Subtitle C--Health Care Administration

SEC. 721. EXPANSION OF STATE LICENSURE EXCEPTIONS FOR CERTAIN MENTAL HEALTH-CARE PROFESSIONALS.

    Section 1094(d) of title 10, United States Code, is amended--
      (1) in paragraph (1)--
        (A) by inserting ‘(A)’ after ‘(1)’; and
        (B) by adding at the end the following new subparagraph:
    ‘(B) Notwithstanding any law regarding the licensure of health care providers, a health-care professional described in paragraph (4) may perform the duties relating to mental health care specified in the regulations under subparagraph (B) of that paragraph at any location in any State, the District of Columbia, or a Commonwealth, territory or possession of the United States, regardless of where such health-care professional or the patient are located, so long as the practice is within the scope of the authorized Federal duties specified in that subparagraph.’;
      (2) in paragraphs (2) and (3), by striking ‘paragraph (1)’ and inserting ‘paragraph (1)(A)’; and
      (3) by adding at the end the following new paragraph:
    ‘(4) A health-care professional referred to in paragraph (1)(B) is a member of the armed forces, civilian employee of the Department of Defense, personal services contractor under section 1091 of this title, or other health-care professional credentialed and privileged at a Federal health care institution or location specially designated by the Secretary for purposes of that paragraph who--
      ‘(A) has a current license to practice medicine, osteopathic medicine, or another health profession; and
      ‘(B) is performing such authorized duties relating to mental health care for the Department of Defense as the Secretary shall prescribe in regulations for purposes of this paragraph.’.

SEC. 722. CLARIFICATION ON CONFIDENTIALITY OF MEDICAL QUALITY ASSURANCE RECORDS.

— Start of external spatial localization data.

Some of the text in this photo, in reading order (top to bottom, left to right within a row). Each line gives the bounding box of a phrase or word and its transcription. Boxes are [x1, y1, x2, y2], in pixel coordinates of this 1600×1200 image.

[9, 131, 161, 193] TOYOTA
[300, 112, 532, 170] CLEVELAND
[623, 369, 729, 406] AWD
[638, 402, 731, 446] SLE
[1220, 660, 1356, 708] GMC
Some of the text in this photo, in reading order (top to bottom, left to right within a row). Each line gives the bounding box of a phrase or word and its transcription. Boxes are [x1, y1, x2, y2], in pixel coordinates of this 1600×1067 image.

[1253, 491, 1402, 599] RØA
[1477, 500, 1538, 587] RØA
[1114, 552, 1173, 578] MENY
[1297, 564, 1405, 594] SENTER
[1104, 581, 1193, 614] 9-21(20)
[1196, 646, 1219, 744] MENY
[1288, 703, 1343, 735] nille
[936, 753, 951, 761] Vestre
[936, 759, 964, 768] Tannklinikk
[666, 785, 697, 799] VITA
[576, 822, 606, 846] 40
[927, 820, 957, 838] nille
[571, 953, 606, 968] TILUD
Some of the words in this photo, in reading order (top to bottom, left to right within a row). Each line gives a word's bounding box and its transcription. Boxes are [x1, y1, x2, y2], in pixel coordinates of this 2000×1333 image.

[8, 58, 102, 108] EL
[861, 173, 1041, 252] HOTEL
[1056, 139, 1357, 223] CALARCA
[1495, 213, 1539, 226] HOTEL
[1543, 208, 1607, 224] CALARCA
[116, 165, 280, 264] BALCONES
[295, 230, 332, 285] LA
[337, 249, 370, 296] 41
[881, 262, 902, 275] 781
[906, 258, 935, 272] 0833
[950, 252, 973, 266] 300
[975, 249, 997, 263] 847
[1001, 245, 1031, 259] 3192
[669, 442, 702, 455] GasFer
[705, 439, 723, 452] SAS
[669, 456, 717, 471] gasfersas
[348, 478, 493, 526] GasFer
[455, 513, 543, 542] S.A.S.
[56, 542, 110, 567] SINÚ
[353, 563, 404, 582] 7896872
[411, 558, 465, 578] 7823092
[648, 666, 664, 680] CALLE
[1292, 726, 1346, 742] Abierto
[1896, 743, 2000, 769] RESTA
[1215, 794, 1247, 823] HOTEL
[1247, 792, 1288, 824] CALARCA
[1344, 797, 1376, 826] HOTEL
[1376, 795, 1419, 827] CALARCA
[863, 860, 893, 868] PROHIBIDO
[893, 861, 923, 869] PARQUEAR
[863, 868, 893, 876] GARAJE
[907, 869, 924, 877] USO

    (a) In General- Section 1102(j) of title 10, United States Code, is amended--
      (1) in paragraph (1), by striking ‘any activity carried out’ and inserting ‘any peer review activity carried out’; and
      (2) by adding at the end the following new paragraph:
      ‘(4) The term ‘peer review’ means an assessment of professional performance by professionally-equivalent health care providers.’.
    (b) Effective Date- The amendments made by subsection (a) shall take effect on January 1, 2012.

TITLE VIII--ACQUISITION POLICY, ACQUISITION MANAGEMENT, AND RELATED MATTERS

Subtitle A--Provisions Relating to Major Defense Acquisition Programs

SEC. 801. WAIVER OF REQUIREMENTS RELATING TO NEW MILESTONE APPROVAL FOR CERTAIN MAJOR DEFENSE ACQUISITION PROGRAMS EXPERIENCING CRITICAL COST GROWTH DUE TO CHANGE IN QUANTITY PURCHASED.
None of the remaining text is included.